Material provided Start Marker

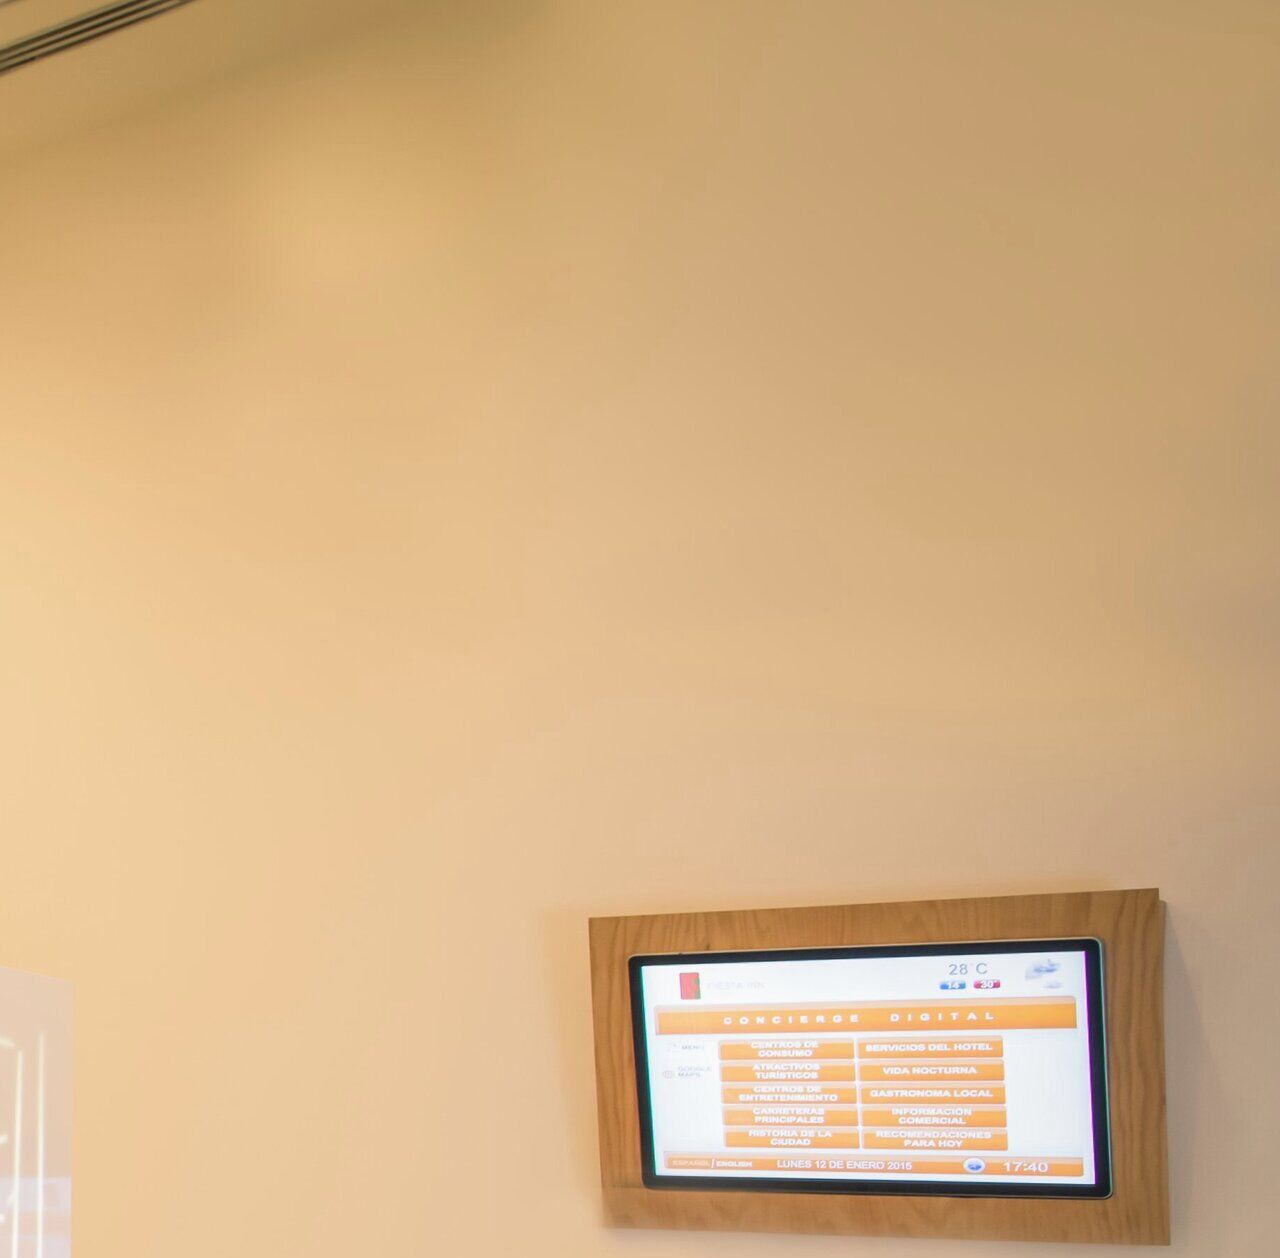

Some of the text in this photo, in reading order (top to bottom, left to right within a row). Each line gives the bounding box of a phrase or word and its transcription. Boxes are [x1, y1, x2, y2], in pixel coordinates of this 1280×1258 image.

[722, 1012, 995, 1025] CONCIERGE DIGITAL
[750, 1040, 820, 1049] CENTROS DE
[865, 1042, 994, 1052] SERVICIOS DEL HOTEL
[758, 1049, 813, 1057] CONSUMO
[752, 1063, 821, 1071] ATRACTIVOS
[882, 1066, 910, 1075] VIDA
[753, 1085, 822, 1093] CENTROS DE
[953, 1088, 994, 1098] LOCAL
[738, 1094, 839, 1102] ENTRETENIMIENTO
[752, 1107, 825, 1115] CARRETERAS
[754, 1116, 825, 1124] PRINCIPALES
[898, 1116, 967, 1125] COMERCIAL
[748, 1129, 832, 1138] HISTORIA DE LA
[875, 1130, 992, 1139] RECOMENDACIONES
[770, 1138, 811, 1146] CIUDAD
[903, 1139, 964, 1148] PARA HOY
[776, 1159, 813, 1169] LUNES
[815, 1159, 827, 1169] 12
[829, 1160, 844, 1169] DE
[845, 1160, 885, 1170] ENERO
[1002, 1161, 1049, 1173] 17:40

Material provided End Marker

*Instructions to follow*.
Write out the data exactly, but not its pictures.

*Answer box*.
Some of the text in this photo, in reading order (top to bottom, left to right within a row). Each line gives the bounding box of a phrase or word and its transcription. Boxes are [x1, y1, x2, y2], in pixel coordinates of this 1280×1258 image.

[722, 1012, 995, 1025] CONCIERGE DIGITAL
[750, 1040, 820, 1049] CENTROS DE
[865, 1042, 994, 1052] SERVICIOS DEL HOTEL
[758, 1049, 813, 1057] CONSUMO
[752, 1063, 821, 1071] ATRACTIVOS
[882, 1066, 910, 1075] VIDA
[753, 1085, 822, 1093] CENTROS DE
[953, 1088, 994, 1098] LOCAL
[738, 1094, 839, 1102] ENTRETENIMIENTO
[752, 1107, 825, 1115] CARRETERAS
[754, 1116, 825, 1124] PRINCIPALES
[898, 1116, 967, 1125] COMERCIAL
[748, 1129, 832, 1138] HISTORIA DE LA
[875, 1130, 992, 1139] RECOMENDACIONES
[770, 1138, 811, 1146] CIUDAD
[903, 1139, 964, 1148] PARA HOY
[776, 1159, 813, 1169] LUNES
[815, 1159, 827, 1169] 12
[829, 1160, 844, 1169] DE
[845, 1160, 885, 1170] ENERO
[1002, 1161, 1049, 1173] 17:40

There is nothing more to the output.